Half a century after leaving Greece and more than 12,000 kilometers (7,500 miles) from Athens, Paul Afkos says there’s no escaping the calling of his motherland.

With Greek unemployment four times higher than in his adopted Australia, the 59-year-old head of Afkos Industries, a maker of mining components based near Perth, has plowed A$18 million ($17.9 million) into a 109-bed hotel in northern Greece that opened in April.

“I see it as a duty,” Afkos says, after bringing forward by eight months the opening of the Afkos Grammos Hotel Resort in Kastoria. “I can’t be seen as a hypocrite, not helping my fellow Greeks. I wanted to open early to provide some assistance to these people who are in need of a job.”

Australia’s Greek population has grown from seven pirates dispatched by Britain in 1829 to a diaspora of about half a million, making Melbourne the third-largest Greek city behind Athens and Thessaloniki. Armed with patriotism and the best- performing currency against the euro since late-2008, Australia’s Greeks are deploying wealth amassed in the fastest growing major developed economy to a nation that’s needed 240 billion euros ($300 billion) in bailouts. Greece votes June 17 in an election set to decide its future in the euro zone.

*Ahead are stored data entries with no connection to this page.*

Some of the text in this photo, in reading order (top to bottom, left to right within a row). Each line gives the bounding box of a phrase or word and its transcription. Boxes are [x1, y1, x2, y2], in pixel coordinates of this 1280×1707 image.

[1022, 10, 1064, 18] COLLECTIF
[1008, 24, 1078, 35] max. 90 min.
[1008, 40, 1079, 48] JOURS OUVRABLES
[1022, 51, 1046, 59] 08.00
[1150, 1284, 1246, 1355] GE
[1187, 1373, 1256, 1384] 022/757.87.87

John Tripidakis, a Greek lawyer with an Athens practice who splits his time between Sydney and Melbourne, said half his clients are interested in buying property in Greece, up from less than 10 percent two years ago.

“They are looking for a bargain,” he said in an interview from Sydney. “Yet they are still connected to the sentimental criteria of buying something near the village of their father or grandfather.”

Prices Plunge

Beachfront summerhouses or suburban bargains in Athens are among the most-desired properties, said Tripidakis, a lawyer for 30 years who was born in the Greek capital.

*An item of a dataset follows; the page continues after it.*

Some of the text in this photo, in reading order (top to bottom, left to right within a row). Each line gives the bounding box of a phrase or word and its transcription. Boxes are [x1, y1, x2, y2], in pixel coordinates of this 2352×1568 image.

Apartment prices in Greece fell 3.7 percent in 2009, 4.7 percent the following year and 5.1 percent in 2011, and house values have declined even further, the central bank said in April. The real-estate market is “without any signs of recovery,” the bank said.

“What better time than the present to buy?” Tripidakis said. “Cash is king.”

The Australian dollar has surged 66 percent against the euro since October 2008 as Lehman Brothers Holdings Inc.’s failure drove up credit costs, slowed global growth, and exposed the stretched finances of European nations such as Ireland and Greece. Spain last week asked euro-region governments for as much as 100 billion euros to rescue the country’s banking system.

Home Buyers

“Anecdotally, pretty much every person from my parents’ generation or their children are going over there and purchasing property in the town or area where they grew up,” said George Boubouras, 44, the Melbourne-based head of investment strategy at UBS AG’s wealth management unit in Australia and a Greek citizen.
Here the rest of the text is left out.